↓↓↓

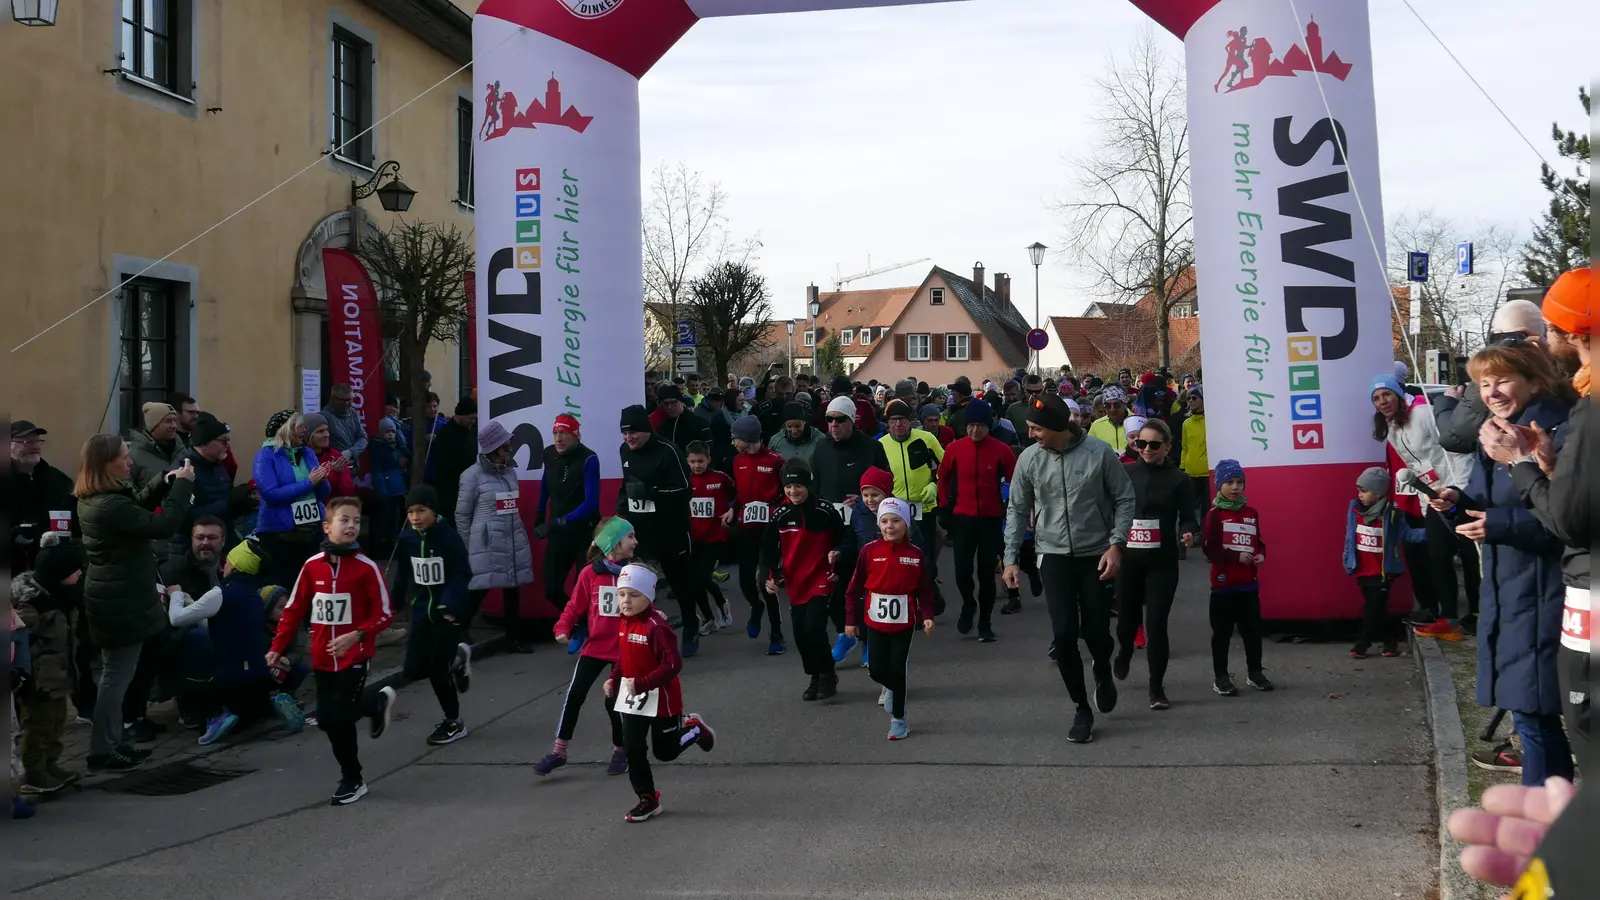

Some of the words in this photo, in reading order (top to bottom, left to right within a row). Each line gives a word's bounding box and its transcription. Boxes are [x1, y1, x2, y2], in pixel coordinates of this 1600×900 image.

[1232, 123, 1261, 200] mehr
[554, 168, 579, 223] hier
[517, 170, 540, 267] PLUS
[556, 231, 580, 274] für
[1273, 115, 1359, 361] SWD
[1236, 211, 1266, 322] Energie
[557, 284, 587, 387] Energie
[1244, 334, 1271, 381] für
[1289, 339, 1321, 446] PLUS
[1248, 391, 1275, 451] hier
[295, 502, 318, 521] 403
[503, 500, 516, 509] 325
[692, 502, 713, 516] 346
[745, 505, 767, 521] 390
[1130, 530, 1151, 542] 363
[1232, 533, 1251, 545] 305
[1360, 535, 1377, 546] 303
[416, 562, 441, 583] 400
[316, 599, 347, 622] 387
[877, 598, 900, 620] 50

↑↑↑

• Problem statement: An exact copy of each entry is required, minus the pictures.

• The completed task:
Some of the words in this photo, in reading order (top to bottom, left to right within a row). Each line gives a word's bounding box and its transcription. Boxes are [x1, y1, x2, y2], in pixel coordinates of this 1600×900 image.

[1232, 123, 1261, 200] mehr
[554, 168, 579, 223] hier
[517, 170, 540, 267] PLUS
[556, 231, 580, 274] für
[1273, 115, 1359, 361] SWD
[1236, 211, 1266, 322] Energie
[557, 284, 587, 387] Energie
[1244, 334, 1271, 381] für
[1289, 339, 1321, 446] PLUS
[1248, 391, 1275, 451] hier
[295, 502, 318, 521] 403
[503, 500, 516, 509] 325
[692, 502, 713, 516] 346
[745, 505, 767, 521] 390
[1130, 530, 1151, 542] 363
[1232, 533, 1251, 545] 305
[1360, 535, 1377, 546] 303
[416, 562, 441, 583] 400
[316, 599, 347, 622] 387
[877, 598, 900, 620] 50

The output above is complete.